Alain Bertaud of New York University says that, if integrated well, China’s city clusters could, thanks to their size, achieve levels of productivity never seen in other countries. He says it would be comparable to the differences between England and the rest of the world during the Industrial Revolution.
Evidence about economic gains from clustering in China is promising, if limited. Counties enjoy a 6% boost in productivity from being tied into the Yangzi super-region.
The main concern for those trying to lead productive lives across the vast super-regions is more mundane: how easy it is to get from A to B. The government classifies clusters as “one-hour economic zones” or “two-hour economic zones”, depending on the time it takes to cross the cluster by high-speed rail. But it often takes longer to get to train stations within cities than to travel by train between cities. People can spend four hours a day commuting within Shanghai.
It seems clear that China will continue to leverage technology to enable faster commuting within city regions.
* more high-speed rail lines
* robotic buses
* robotic cars and ridesharing with high-speed roads and tunnels
* ultra-fast elevators without cables to commute from skyscraper to skyscraper and to speed the last 300 meters
China will do what takes to get the potential 50% GDP boost from truly efficient one-hour connections.
In 2014, China accounted for fewer than 50 metro areas within the top 300 cities based on purchasing power parity (PPP) GDP. With 2016 data, China’s has 103 metros areas in the global top 300 which is more than North America and Western Europe combined. There was corrected PPP GDP calculations that boosted China’s PPP by about 30-40%.
Two Chinese Giants, Beijing and Shanghai, are economically dominant, together housing 26 million workers and generating over $1.6 trillion in real output.
Anchor Cities are 14 other metro areas that generated at least $200 billion in real output.

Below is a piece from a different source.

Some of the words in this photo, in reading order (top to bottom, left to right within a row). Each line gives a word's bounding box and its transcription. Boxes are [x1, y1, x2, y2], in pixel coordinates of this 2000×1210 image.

They make up a quarter of the nation’s GDP in 2016, including nine provincial-level municipalities or provincial capitals (Tianjin, Chongqing, Zhengzhou, Nanjing, Hangzhou, Guangzhou, Wuhan, Changsha, Chengdu) and five coastal cities that are home to some of the world’s busiest container ports (Qingdao, Suzhou, Wuxi, Ningbo, Shenzhen).

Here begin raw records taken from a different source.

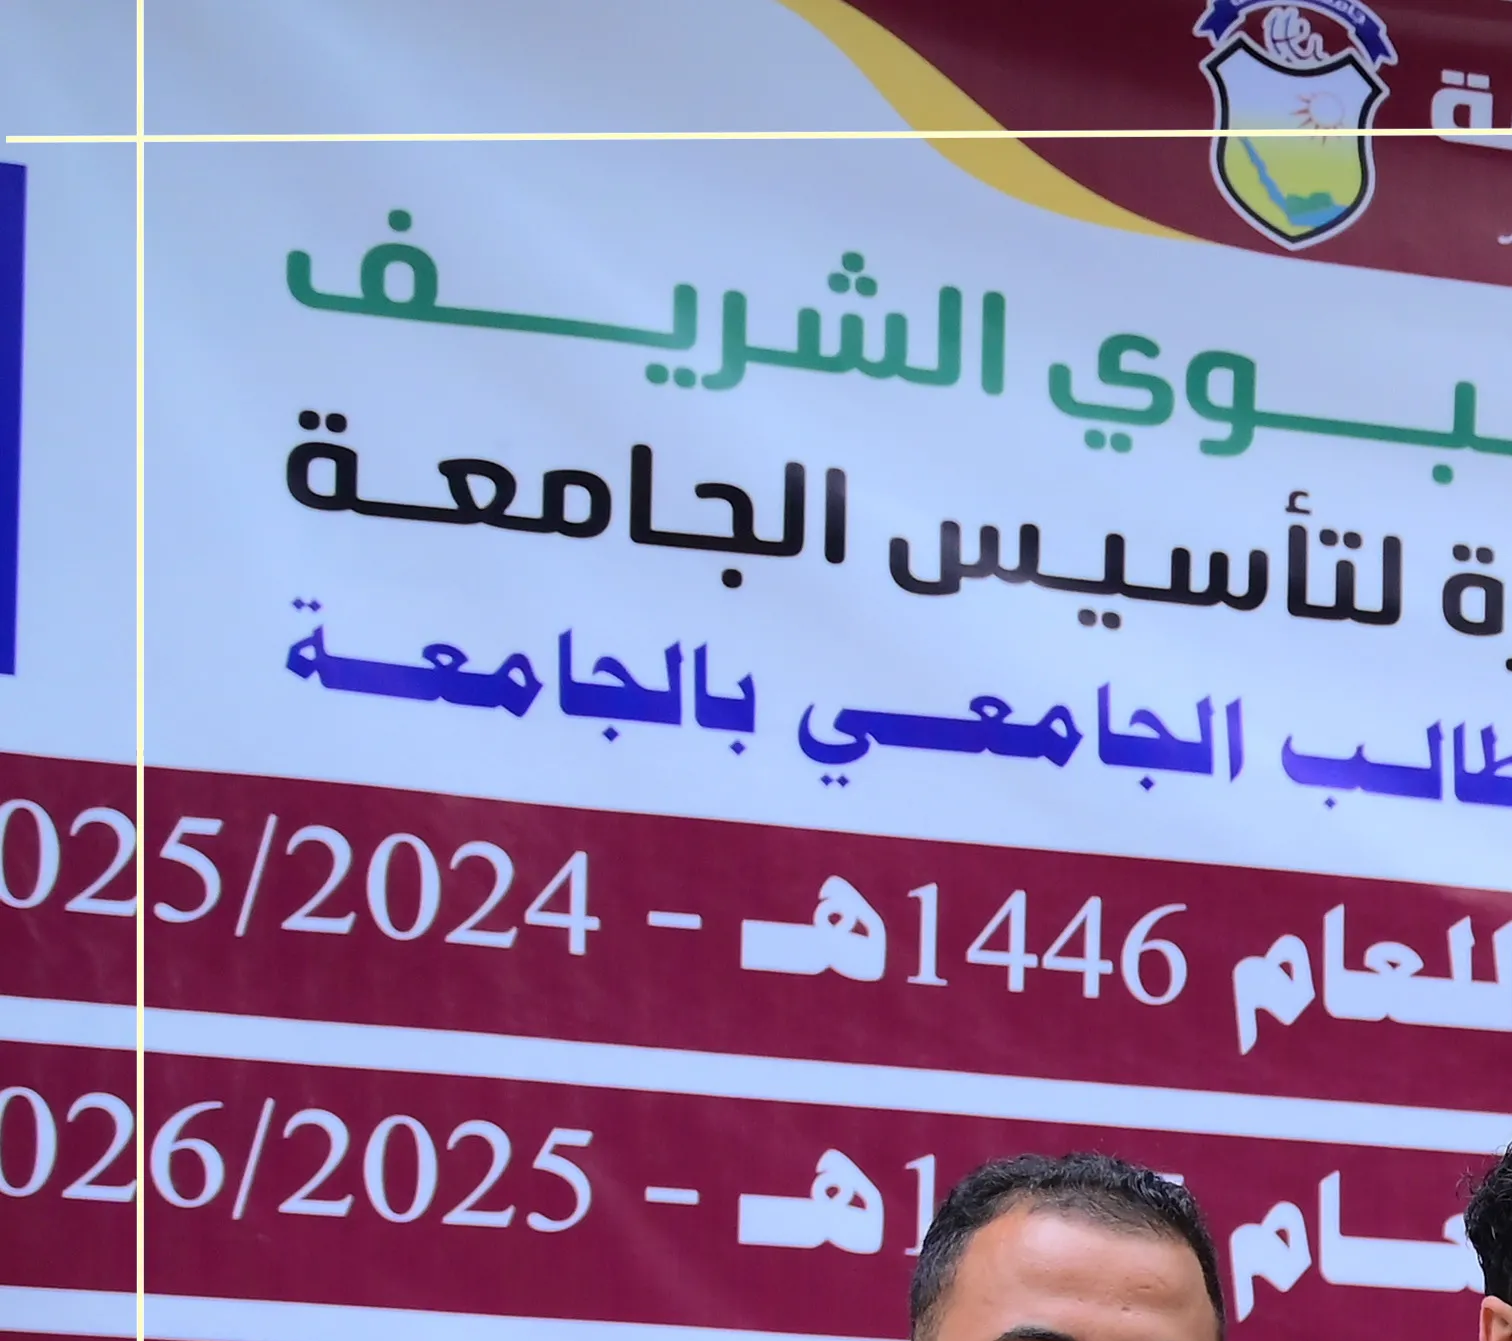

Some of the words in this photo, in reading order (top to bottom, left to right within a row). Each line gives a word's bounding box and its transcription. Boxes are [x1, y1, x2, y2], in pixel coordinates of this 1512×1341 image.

[286, 209, 1007, 397] الشريف
[286, 410, 847, 590] الجامعة
[888, 490, 1403, 631] لتأسيس
[285, 598, 758, 757] بالجامعة
[798, 684, 1245, 790] الجامعي

Rust Belt contains six metro areas (Harbin, Daqing, Changchun, Jilin, Shenyang, Dalian) in Northeast China, struggling to counter the decline of the nation’s coal and steel industry.
China’s has 81 mid-sized metro areas (average employment of 1.6 million and average GDP of $106.9 billion)—based on their industrial structure:
In 24 metro areas, services account for a higher share of the economy than industry. Brookings categorize these as Service Cities.
In 57 metro areas, industry accounts for a higher share of the economy than services. Brookings categorize these as Industry Cities.
Cities like Fuzhou, Xiamen, Wenzhou—the three Service Cities that ranked among the top 10 on the Economic Performance Index—have benefited largely from booming financial services and e-commerce, despite their heavy reliance on manufacturing less than a decade ago. On the other hand, Zhanjiang—the only Service City ranked in the bottom 10—has been unable to find a new growth industry to counteract the decline of its industrial base.
A closer look at the Pearl River Delta—a region of nine cities and 60 million people—exemplifies this dynamic. Once the “factory of the world,” the Pearl River Delta (PRD) region is in the midst of a dramatic economic transition. In some parts of the region, cities are thriving. Guangzhou leads the nation in cross-border e-commerce, and Shenzhen has emerged as the Silicon Valley of China. At the same time, in other corners of the region’s cities—such as Dongguan, Foshan, Jiangmen, Zhongshan, and Zhuhai—are experiencing slow growth or decline as they struggle to evolve their economies away from competing on low costs towards new product innovation. The losses in these cities have been gains for cheaper nearby cities such as Huizhou and Zhaoqing, which are still rooted in industry. Like China itself, the PRD is not a monolith, and whether its economy will remain rooted in the past or embrace a high-tech rebirth remains to be seen.